Available records

>>

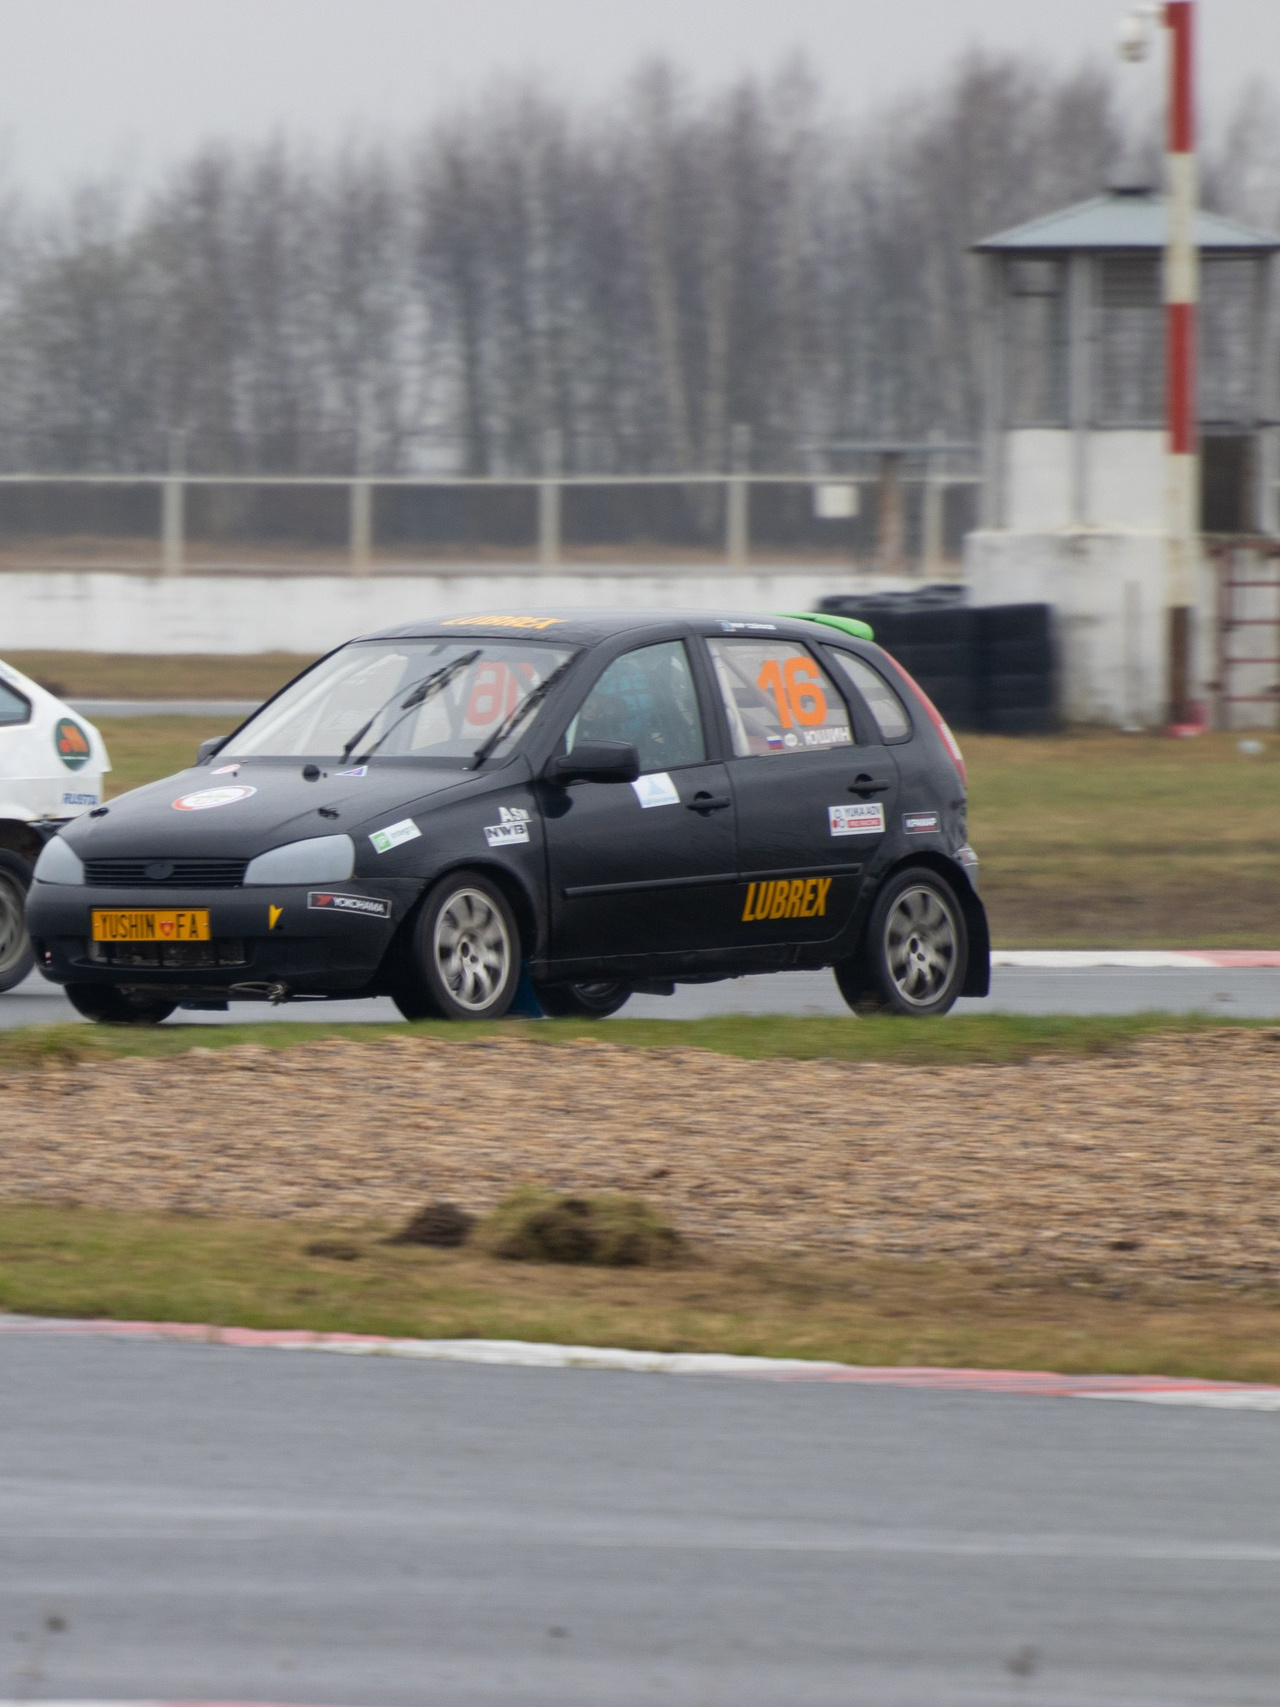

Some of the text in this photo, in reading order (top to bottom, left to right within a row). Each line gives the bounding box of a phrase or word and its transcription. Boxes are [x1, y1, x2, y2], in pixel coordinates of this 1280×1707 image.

[756, 656, 827, 729] 16
[803, 726, 850, 746] ЮШИН
[485, 824, 526, 838] NWB
[332, 896, 384, 914] YOKOHAMA
[741, 877, 832, 922] LUBREX
[100, 914, 155, 939] YUSHIN

<<

What you are asked to do
If you see a picture in the listing, skip it while copying everything else exactly.

Your response
Some of the text in this photo, in reading order (top to bottom, left to right within a row). Each line gives the bounding box of a phrase or word and its transcription. Boxes are [x1, y1, x2, y2], in pixel coordinates of this 1280×1707 image.

[756, 656, 827, 729] 16
[803, 726, 850, 746] ЮШИН
[485, 824, 526, 838] NWB
[332, 896, 384, 914] YOKOHAMA
[741, 877, 832, 922] LUBREX
[100, 914, 155, 939] YUSHIN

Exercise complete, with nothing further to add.